The scary thing was that I could feel myself slipping, because some of what she was saying made sense. Every depiction of necromancy in everything that I had read was bad… but Ahn’Khareen wasn’t bad. In fact, the civilizations she was describing didn’t sound terrible to live in at all. There had even been ideas like what those back home, often ending with similar results. As well, Ahn’Khareen had saved me when I was nearly dead.

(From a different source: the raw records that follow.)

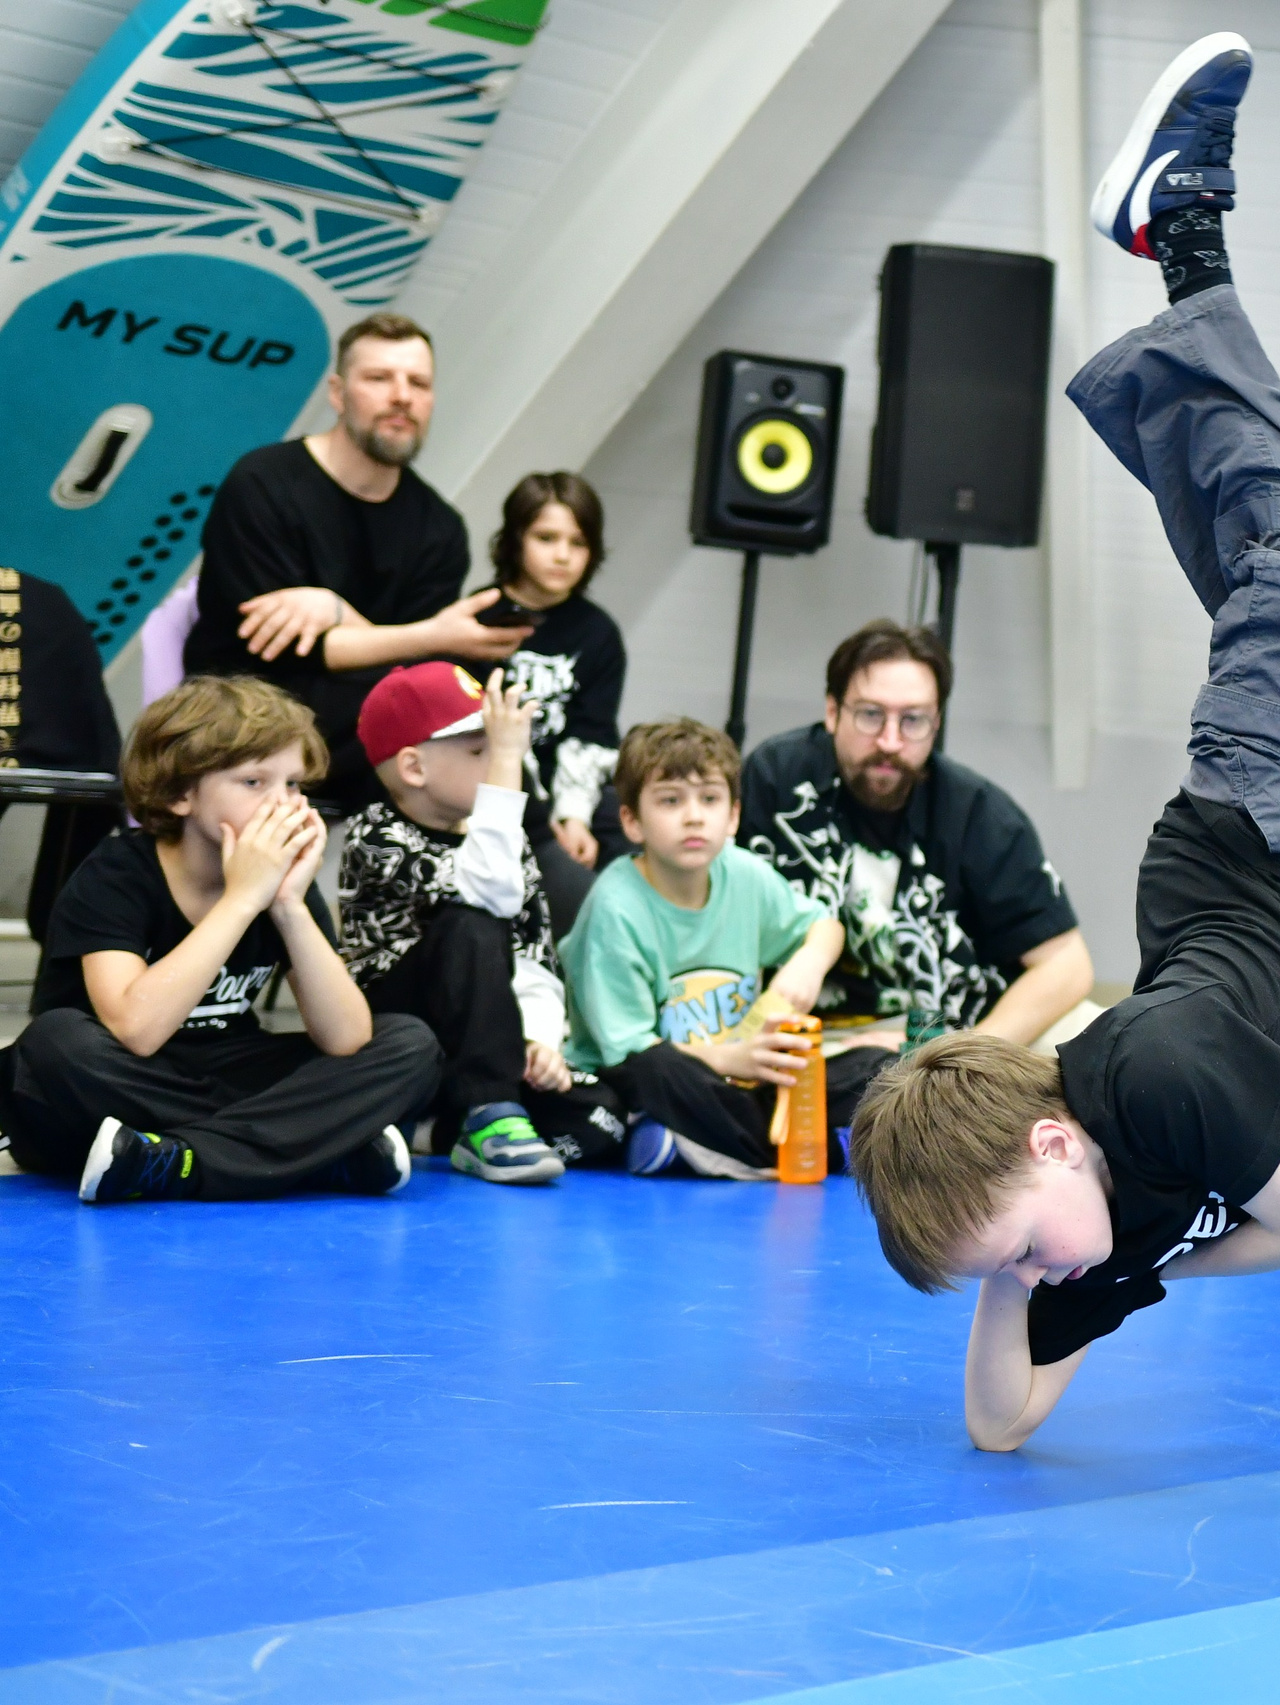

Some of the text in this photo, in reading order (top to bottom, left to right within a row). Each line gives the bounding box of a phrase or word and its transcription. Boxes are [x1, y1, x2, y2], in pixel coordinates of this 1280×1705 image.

[1165, 172, 1204, 186] FILA
[57, 299, 296, 370] MY SUP
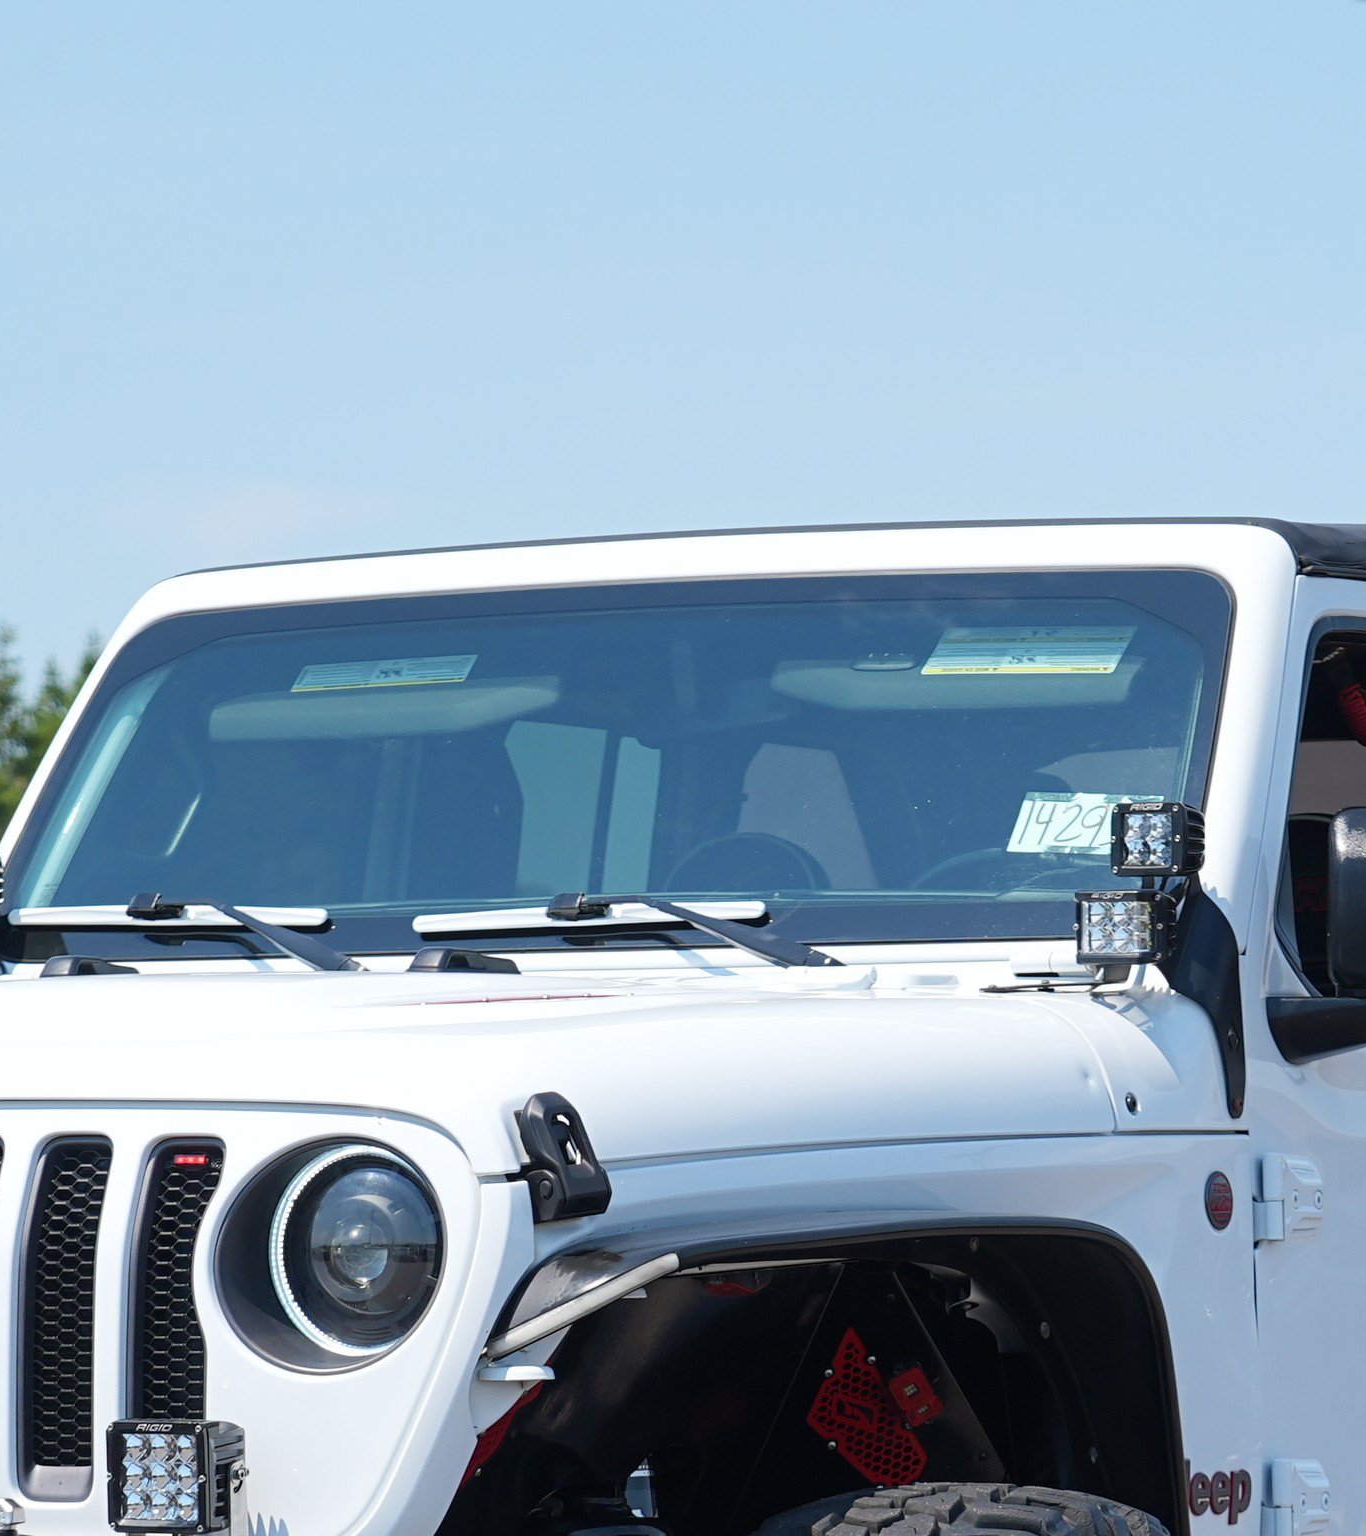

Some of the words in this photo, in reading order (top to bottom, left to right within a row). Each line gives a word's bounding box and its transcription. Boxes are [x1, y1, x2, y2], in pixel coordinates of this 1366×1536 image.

[1129, 802, 1163, 811] RIGID
[1018, 800, 1112, 848] 1429
[135, 1423, 173, 1432] RIGID
[1184, 1459, 1252, 1525] eep
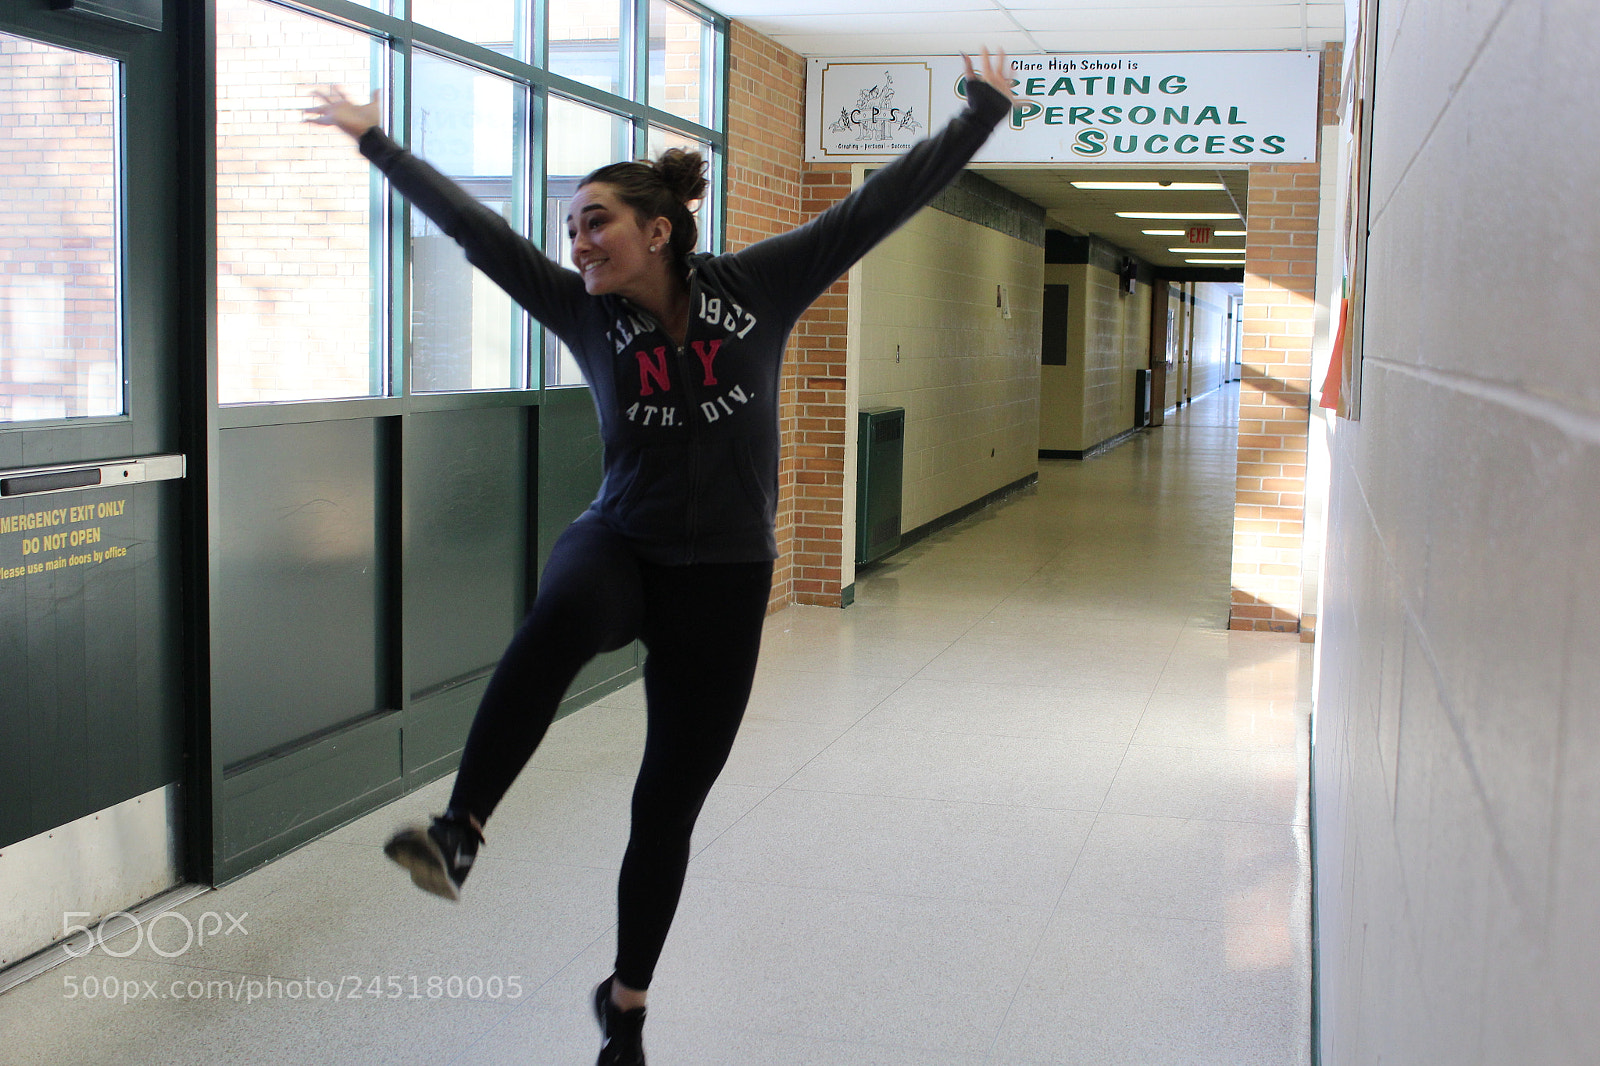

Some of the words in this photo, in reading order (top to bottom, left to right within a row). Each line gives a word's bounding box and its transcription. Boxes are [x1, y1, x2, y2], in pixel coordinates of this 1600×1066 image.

[1011, 60, 1043, 71] Clare
[1048, 59, 1077, 73] High
[1080, 60, 1122, 71] School
[1127, 60, 1138, 70] is
[954, 69, 1188, 101] EATING
[1009, 99, 1247, 131] PERSONAL
[1071, 128, 1286, 157] SUCCESS
[1189, 227, 1211, 244] EXIT
[626, 402, 683, 426] ATH.
[701, 384, 755, 423] DIV.
[0, 508, 67, 534] MERGENCY
[70, 504, 95, 523] EXIT
[97, 499, 126, 519] ONLY
[22, 537, 40, 555] DO
[43, 532, 68, 552] NOT
[69, 527, 101, 547] OPEN
[0, 565, 26, 580] lease
[27, 561, 44, 574] use
[45, 556, 67, 571] main
[68, 553, 92, 567] doors
[93, 547, 104, 564] by
[104, 546, 128, 560] office
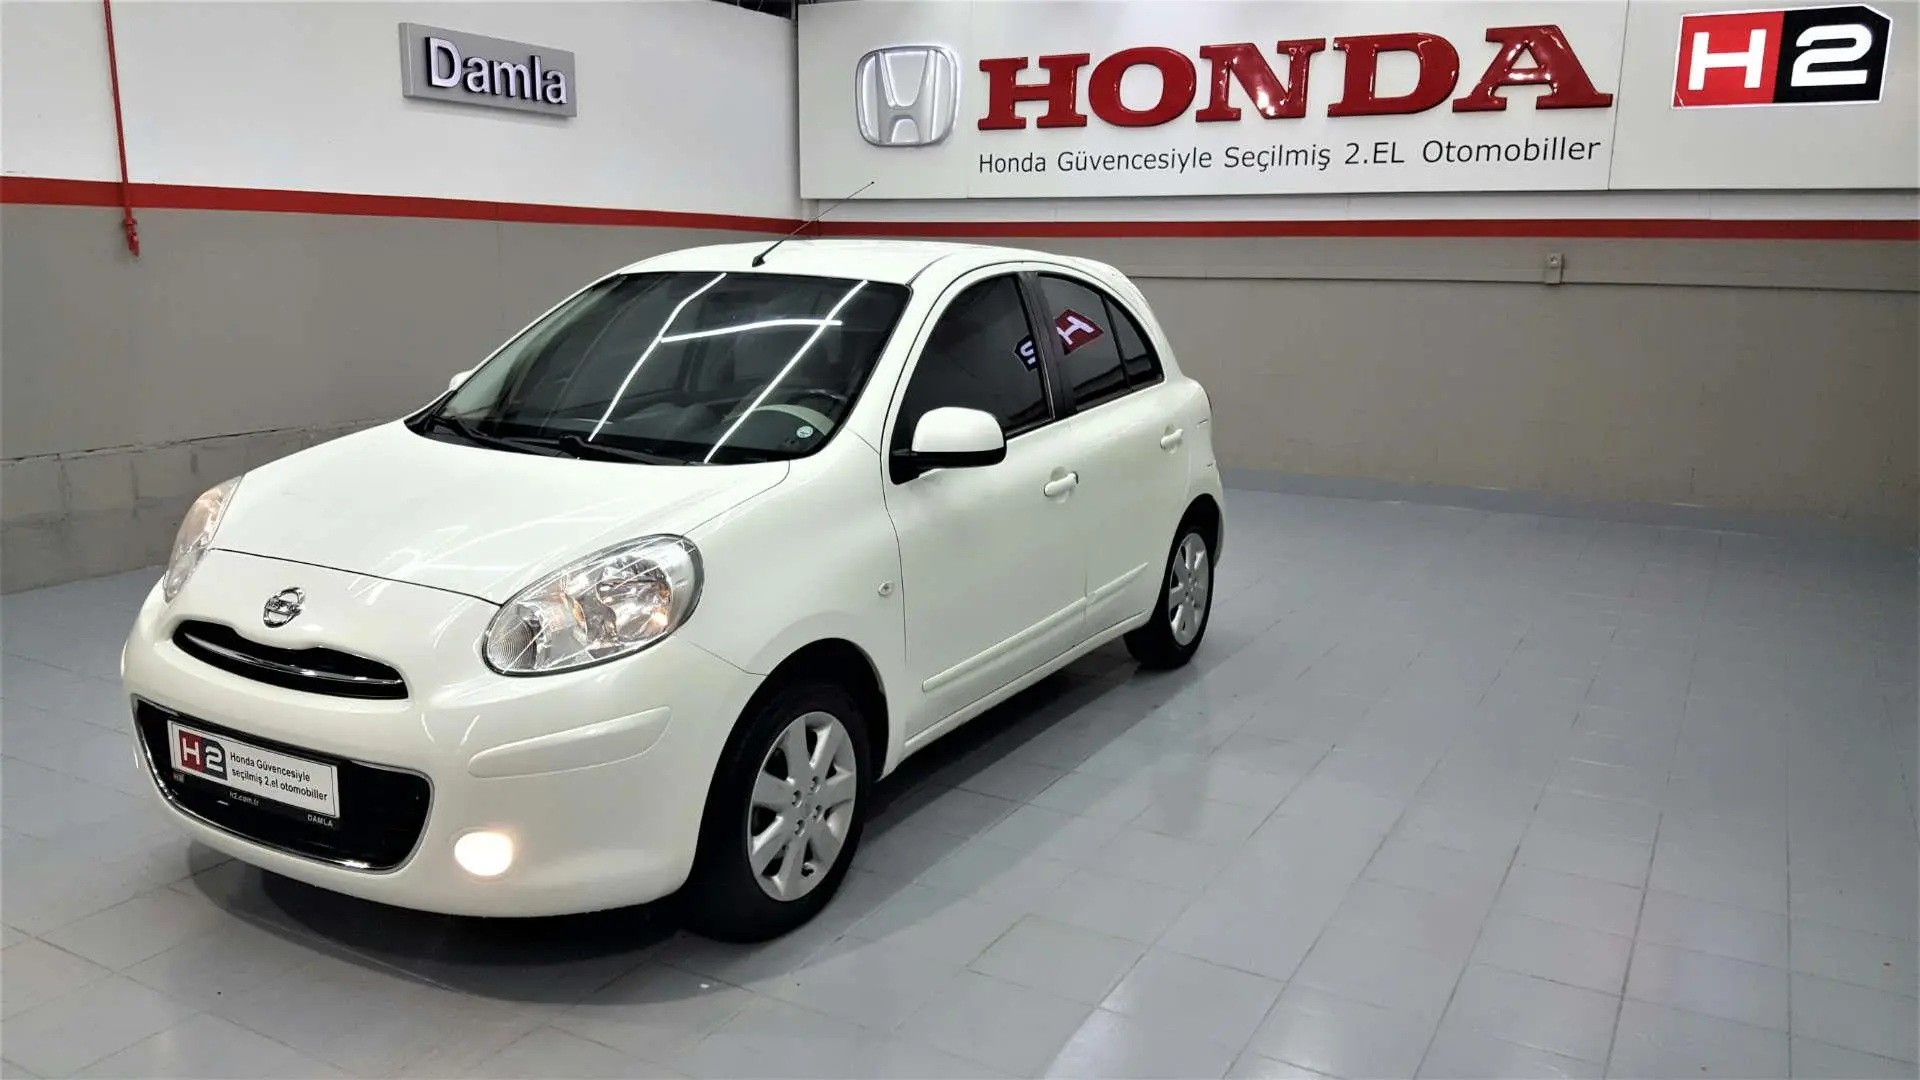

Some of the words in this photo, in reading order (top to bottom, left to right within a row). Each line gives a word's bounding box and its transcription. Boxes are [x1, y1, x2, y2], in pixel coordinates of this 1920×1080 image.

Then she had taught me magic, actual magic that I had only ever dreamed of before. Would learning necromancy truly be so bad?
I shook my head, trying to clear my thoughts. “What does any of this have to do with me though?”
Ahn’Khareen let out a sigh, slowly shaking her head. “Those great necromancers of old and their ideals still exist in me, even if the rest of the world has tried their best to stamp them out. My master learned from his master, who learned from her master, who learned from their master, and so forth. My knowledge has been burned out from every library in the world, except for those small collections which dare to speak of the taboo. What I am offering you is to continue this tradition. Learn from me, learn necromancy, and you will have a power that is feared by the entire world. It is both a blessing and a curse, and you will be persecuted wherever you go if the people learn the truth of what you are. But if you can muster through the persecution, you will have power. Power enough to find those who brought you to this world, to learn their secrets, and perhaps find a way back to your home.”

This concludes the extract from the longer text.